著者
町田好男
出版者
日本磁気共鳴医学会
雑誌
第42回日本磁気共鳴医学会大会
巻号頁・発行日
2014-09-11

圧縮センシング(Compressed Sensing: 以下CS)とは、「観測対象データがある表現空間では「スパース(疎)」であると仮定して、少数の観測データから対象を復元する手法」である。近年、ランダムな成分を持つ観測マトリクスの場合に復元可能であることが情報理論分野において示され、さらに、観測データをランダムサンプリングできるMRIはCSのよい適用となっていることが示された(Lustig, 2007)。図は、CS-MRIにおける再構成の概要を示したものである。再構成したい画像(対象データ)をmとしよう。CS-MRIでは、「(1)表現空間データΨmが疎であること」と「(2)アンダーサンプルしたフーリエ変換像Fumが観測(収集)データyに近いこと」を条件としてmを求める。(適当なモデルのもとで解を求められることがCS理論の教えるところである。) 通常のMR断面像ではΨとしてWavelet変換などが用いられる。
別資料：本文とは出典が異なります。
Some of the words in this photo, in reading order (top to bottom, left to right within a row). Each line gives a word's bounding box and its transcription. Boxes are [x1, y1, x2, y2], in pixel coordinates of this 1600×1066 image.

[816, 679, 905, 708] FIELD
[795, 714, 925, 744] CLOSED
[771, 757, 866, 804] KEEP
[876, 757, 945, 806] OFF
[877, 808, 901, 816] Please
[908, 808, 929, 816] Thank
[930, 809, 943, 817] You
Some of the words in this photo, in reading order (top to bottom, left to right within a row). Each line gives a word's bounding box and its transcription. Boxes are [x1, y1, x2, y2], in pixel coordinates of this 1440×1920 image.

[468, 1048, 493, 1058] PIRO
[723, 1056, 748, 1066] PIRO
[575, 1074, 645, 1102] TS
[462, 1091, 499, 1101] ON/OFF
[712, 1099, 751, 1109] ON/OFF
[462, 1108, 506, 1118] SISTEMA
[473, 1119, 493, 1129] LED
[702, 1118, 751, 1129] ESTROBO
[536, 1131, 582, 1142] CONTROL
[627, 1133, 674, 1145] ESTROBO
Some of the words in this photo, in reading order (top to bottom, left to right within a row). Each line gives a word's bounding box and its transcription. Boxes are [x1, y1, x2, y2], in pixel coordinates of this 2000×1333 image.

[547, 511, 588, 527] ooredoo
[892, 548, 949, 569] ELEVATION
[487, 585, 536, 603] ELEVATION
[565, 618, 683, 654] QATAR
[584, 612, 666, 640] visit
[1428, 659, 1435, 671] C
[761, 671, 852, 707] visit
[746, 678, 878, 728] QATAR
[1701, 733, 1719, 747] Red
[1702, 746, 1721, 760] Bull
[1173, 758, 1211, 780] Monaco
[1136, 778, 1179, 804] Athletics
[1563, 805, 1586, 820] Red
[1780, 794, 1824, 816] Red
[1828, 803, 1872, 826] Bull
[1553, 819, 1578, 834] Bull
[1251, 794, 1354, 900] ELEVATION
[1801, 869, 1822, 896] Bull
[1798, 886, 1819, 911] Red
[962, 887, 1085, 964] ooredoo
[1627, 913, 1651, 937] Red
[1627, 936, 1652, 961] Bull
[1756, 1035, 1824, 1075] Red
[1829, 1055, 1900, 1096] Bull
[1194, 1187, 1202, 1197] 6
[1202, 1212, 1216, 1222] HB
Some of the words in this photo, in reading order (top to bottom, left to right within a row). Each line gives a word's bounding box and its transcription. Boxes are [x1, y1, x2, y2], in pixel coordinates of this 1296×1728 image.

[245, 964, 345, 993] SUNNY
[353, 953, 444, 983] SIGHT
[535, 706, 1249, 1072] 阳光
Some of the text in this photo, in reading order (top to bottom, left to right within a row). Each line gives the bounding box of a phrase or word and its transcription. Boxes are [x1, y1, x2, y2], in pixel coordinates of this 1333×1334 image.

CS-MRIにおいては、観測データ、対象データ、疎表現データの3つを切り分けて考えること、あるいはそれらをうまく割り当てることが重要であるが、この時の自由度が高く従って応用範囲が広いのがMRIの特長となっている。本講演では、原理説明に続きいくつかのアプリケーションを紹介する。また現在我々が検討しているCS画質の評価検討について一部紹介したい。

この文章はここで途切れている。